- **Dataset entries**
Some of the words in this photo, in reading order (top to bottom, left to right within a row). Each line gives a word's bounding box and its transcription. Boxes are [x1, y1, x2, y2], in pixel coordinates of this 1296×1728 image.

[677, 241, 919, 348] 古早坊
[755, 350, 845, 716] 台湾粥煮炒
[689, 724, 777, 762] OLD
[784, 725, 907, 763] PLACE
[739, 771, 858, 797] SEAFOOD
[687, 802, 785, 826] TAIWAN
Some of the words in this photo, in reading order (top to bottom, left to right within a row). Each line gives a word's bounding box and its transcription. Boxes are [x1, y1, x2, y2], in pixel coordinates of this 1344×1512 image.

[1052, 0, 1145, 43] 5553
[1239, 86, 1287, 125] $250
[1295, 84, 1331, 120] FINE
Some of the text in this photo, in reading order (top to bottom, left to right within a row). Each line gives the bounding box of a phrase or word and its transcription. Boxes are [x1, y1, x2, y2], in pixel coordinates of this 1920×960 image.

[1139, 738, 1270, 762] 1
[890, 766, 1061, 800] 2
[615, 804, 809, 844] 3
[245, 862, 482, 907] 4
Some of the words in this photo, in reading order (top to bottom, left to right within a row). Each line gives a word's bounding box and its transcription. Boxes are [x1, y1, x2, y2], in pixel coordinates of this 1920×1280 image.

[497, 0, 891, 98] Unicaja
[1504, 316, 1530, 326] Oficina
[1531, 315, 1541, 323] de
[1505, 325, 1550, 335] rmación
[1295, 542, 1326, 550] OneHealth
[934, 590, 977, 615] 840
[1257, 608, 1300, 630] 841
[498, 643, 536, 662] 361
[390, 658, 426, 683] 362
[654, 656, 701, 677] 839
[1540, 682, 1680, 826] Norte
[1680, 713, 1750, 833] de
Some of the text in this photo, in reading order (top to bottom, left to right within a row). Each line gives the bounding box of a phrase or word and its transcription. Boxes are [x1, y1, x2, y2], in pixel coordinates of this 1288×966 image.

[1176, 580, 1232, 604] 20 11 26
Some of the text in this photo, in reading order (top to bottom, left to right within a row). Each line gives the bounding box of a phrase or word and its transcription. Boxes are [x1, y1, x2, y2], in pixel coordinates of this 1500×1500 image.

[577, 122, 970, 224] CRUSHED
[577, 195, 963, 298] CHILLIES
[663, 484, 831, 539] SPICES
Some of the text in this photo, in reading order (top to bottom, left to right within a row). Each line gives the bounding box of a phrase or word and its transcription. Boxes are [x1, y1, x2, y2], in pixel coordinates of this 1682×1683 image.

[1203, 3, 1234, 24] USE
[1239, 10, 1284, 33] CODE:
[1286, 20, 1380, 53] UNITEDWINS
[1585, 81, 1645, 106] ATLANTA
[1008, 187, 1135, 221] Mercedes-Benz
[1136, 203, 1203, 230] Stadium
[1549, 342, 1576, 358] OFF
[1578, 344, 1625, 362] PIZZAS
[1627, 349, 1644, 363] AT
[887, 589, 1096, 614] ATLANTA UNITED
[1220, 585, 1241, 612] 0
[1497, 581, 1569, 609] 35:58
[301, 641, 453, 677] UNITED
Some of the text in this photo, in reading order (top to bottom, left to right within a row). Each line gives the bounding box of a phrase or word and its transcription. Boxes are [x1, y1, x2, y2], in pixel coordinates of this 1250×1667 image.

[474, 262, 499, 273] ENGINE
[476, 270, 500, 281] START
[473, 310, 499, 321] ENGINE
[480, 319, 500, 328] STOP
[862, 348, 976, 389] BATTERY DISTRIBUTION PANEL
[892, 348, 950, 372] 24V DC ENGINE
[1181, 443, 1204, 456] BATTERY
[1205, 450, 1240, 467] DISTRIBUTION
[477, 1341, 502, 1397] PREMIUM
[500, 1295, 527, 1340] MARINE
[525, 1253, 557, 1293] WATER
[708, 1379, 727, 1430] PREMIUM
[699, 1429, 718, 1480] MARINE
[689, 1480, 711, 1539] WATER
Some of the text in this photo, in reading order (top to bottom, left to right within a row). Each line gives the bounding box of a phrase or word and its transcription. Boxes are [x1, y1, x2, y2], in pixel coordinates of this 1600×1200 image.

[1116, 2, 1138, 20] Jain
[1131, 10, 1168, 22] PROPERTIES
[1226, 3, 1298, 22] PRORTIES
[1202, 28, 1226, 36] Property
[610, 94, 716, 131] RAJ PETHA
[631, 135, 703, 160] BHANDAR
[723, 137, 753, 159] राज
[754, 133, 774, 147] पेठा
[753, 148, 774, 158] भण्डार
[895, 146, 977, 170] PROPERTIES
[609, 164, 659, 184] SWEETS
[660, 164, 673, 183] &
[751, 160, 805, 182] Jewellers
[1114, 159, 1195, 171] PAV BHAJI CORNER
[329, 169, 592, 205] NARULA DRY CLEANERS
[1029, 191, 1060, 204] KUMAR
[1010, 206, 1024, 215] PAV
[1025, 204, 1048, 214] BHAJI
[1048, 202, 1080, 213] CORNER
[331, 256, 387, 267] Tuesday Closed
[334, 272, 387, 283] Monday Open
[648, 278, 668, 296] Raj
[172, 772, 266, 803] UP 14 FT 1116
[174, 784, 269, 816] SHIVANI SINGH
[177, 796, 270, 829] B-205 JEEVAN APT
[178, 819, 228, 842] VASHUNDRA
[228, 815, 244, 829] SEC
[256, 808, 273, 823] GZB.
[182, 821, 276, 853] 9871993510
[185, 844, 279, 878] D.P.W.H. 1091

- **TASK REQUIREMENTS**
Line by line, retype all the entries exactly as they are shown.

- **WRITTEN ANSWER**
Some of the words in this photo, in reading order (top to bottom, left to right within a row). Each line gives a word's bounding box and its transcription. Boxes are [x1, y1, x2, y2], in pixel coordinates of this 1296×1728 image.

[677, 241, 919, 348] 古早坊
[755, 350, 845, 716] 台湾粥煮炒
[689, 724, 777, 762] OLD
[784, 725, 907, 763] PLACE
[739, 771, 858, 797] SEAFOOD
[687, 802, 785, 826] TAIWAN
Some of the words in this photo, in reading order (top to bottom, left to right within a row). Each line gives a word's bounding box and its transcription. Boxes are [x1, y1, x2, y2], in pixel coordinates of this 1344×1512 image.

[1052, 0, 1145, 43] 5553
[1239, 86, 1287, 125] $250
[1295, 84, 1331, 120] FINE
Some of the text in this photo, in reading order (top to bottom, left to right within a row). Each line gives the bounding box of a phrase or word and its transcription. Boxes are [x1, y1, x2, y2], in pixel coordinates of this 1920×960 image.

[1139, 738, 1270, 762] 1
[890, 766, 1061, 800] 2
[615, 804, 809, 844] 3
[245, 862, 482, 907] 4
Some of the words in this photo, in reading order (top to bottom, left to right within a row). Each line gives a word's bounding box and its transcription. Boxes are [x1, y1, x2, y2], in pixel coordinates of this 1920×1280 image.

[497, 0, 891, 98] Unicaja
[1504, 316, 1530, 326] Oficina
[1531, 315, 1541, 323] de
[1505, 325, 1550, 335] rmación
[1295, 542, 1326, 550] OneHealth
[934, 590, 977, 615] 840
[1257, 608, 1300, 630] 841
[498, 643, 536, 662] 361
[390, 658, 426, 683] 362
[654, 656, 701, 677] 839
[1540, 682, 1680, 826] Norte
[1680, 713, 1750, 833] de
Some of the text in this photo, in reading order (top to bottom, left to right within a row). Each line gives the bounding box of a phrase or word and its transcription. Boxes are [x1, y1, x2, y2], in pixel coordinates of this 1288×966 image.

[1176, 580, 1232, 604] 20 11 26
Some of the text in this photo, in reading order (top to bottom, left to right within a row). Each line gives the bounding box of a phrase or word and its transcription. Boxes are [x1, y1, x2, y2], in pixel coordinates of this 1500×1500 image.

[577, 122, 970, 224] CRUSHED
[577, 195, 963, 298] CHILLIES
[663, 484, 831, 539] SPICES
Some of the text in this photo, in reading order (top to bottom, left to right within a row). Each line gives the bounding box of a phrase or word and its transcription. Boxes are [x1, y1, x2, y2], in pixel coordinates of this 1682×1683 image.

[1203, 3, 1234, 24] USE
[1239, 10, 1284, 33] CODE:
[1286, 20, 1380, 53] UNITEDWINS
[1585, 81, 1645, 106] ATLANTA
[1008, 187, 1135, 221] Mercedes-Benz
[1136, 203, 1203, 230] Stadium
[1549, 342, 1576, 358] OFF
[1578, 344, 1625, 362] PIZZAS
[1627, 349, 1644, 363] AT
[887, 589, 1096, 614] ATLANTA UNITED
[1220, 585, 1241, 612] 0
[1497, 581, 1569, 609] 35:58
[301, 641, 453, 677] UNITED
Some of the text in this photo, in reading order (top to bottom, left to right within a row). Each line gives the bounding box of a phrase or word and its transcription. Boxes are [x1, y1, x2, y2], in pixel coordinates of this 1250×1667 image.

[474, 262, 499, 273] ENGINE
[476, 270, 500, 281] START
[473, 310, 499, 321] ENGINE
[480, 319, 500, 328] STOP
[862, 348, 976, 389] BATTERY DISTRIBUTION PANEL
[892, 348, 950, 372] 24V DC ENGINE
[1181, 443, 1204, 456] BATTERY
[1205, 450, 1240, 467] DISTRIBUTION
[477, 1341, 502, 1397] PREMIUM
[500, 1295, 527, 1340] MARINE
[525, 1253, 557, 1293] WATER
[708, 1379, 727, 1430] PREMIUM
[699, 1429, 718, 1480] MARINE
[689, 1480, 711, 1539] WATER
Some of the text in this photo, in reading order (top to bottom, left to right within a row). Each line gives the bounding box of a phrase or word and its transcription. Boxes are [x1, y1, x2, y2], in pixel coordinates of this 1600×1200 image.

[1116, 2, 1138, 20] Jain
[1131, 10, 1168, 22] PROPERTIES
[1226, 3, 1298, 22] PRORTIES
[1202, 28, 1226, 36] Property
[610, 94, 716, 131] RAJ PETHA
[631, 135, 703, 160] BHANDAR
[723, 137, 753, 159] राज
[754, 133, 774, 147] पेठा
[753, 148, 774, 158] भण्डार
[895, 146, 977, 170] PROPERTIES
[609, 164, 659, 184] SWEETS
[660, 164, 673, 183] &
[751, 160, 805, 182] Jewellers
[1114, 159, 1195, 171] PAV BHAJI CORNER
[329, 169, 592, 205] NARULA DRY CLEANERS
[1029, 191, 1060, 204] KUMAR
[1010, 206, 1024, 215] PAV
[1025, 204, 1048, 214] BHAJI
[1048, 202, 1080, 213] CORNER
[331, 256, 387, 267] Tuesday Closed
[334, 272, 387, 283] Monday Open
[648, 278, 668, 296] Raj
[172, 772, 266, 803] UP 14 FT 1116
[174, 784, 269, 816] SHIVANI SINGH
[177, 796, 270, 829] B-205 JEEVAN APT
[178, 819, 228, 842] VASHUNDRA
[228, 815, 244, 829] SEC
[256, 808, 273, 823] GZB.
[182, 821, 276, 853] 9871993510
[185, 844, 279, 878] D.P.W.H. 1091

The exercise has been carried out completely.